> Exercise directions: Beginning at the line containing "this 1280×1707 image.", output every line to the end of the data below exactly as it appears.

> Records for the exercise:

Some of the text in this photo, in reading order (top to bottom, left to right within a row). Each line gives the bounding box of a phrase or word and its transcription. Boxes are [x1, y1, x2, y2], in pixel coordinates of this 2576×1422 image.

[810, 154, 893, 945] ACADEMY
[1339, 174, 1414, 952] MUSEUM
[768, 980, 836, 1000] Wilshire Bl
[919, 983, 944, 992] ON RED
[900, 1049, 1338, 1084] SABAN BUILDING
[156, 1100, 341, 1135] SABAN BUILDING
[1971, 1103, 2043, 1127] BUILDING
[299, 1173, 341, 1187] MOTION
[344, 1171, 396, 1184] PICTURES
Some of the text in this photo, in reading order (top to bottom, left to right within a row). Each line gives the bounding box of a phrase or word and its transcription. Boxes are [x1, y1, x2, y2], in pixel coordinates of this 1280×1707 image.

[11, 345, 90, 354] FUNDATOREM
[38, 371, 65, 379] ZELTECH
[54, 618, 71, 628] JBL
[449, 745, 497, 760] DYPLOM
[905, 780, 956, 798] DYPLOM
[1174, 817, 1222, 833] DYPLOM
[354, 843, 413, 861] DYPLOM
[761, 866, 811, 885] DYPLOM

> Solution:
Some of the text in this photo, in reading order (top to bottom, left to right within a row). Each line gives the bounding box of a phrase or word and its transcription. Boxes are [x1, y1, x2, y2], in pixel coordinates of this 1280×1707 image.

[11, 345, 90, 354] FUNDATOREM
[38, 371, 65, 379] ZELTECH
[54, 618, 71, 628] JBL
[449, 745, 497, 760] DYPLOM
[905, 780, 956, 798] DYPLOM
[1174, 817, 1222, 833] DYPLOM
[354, 843, 413, 861] DYPLOM
[761, 866, 811, 885] DYPLOM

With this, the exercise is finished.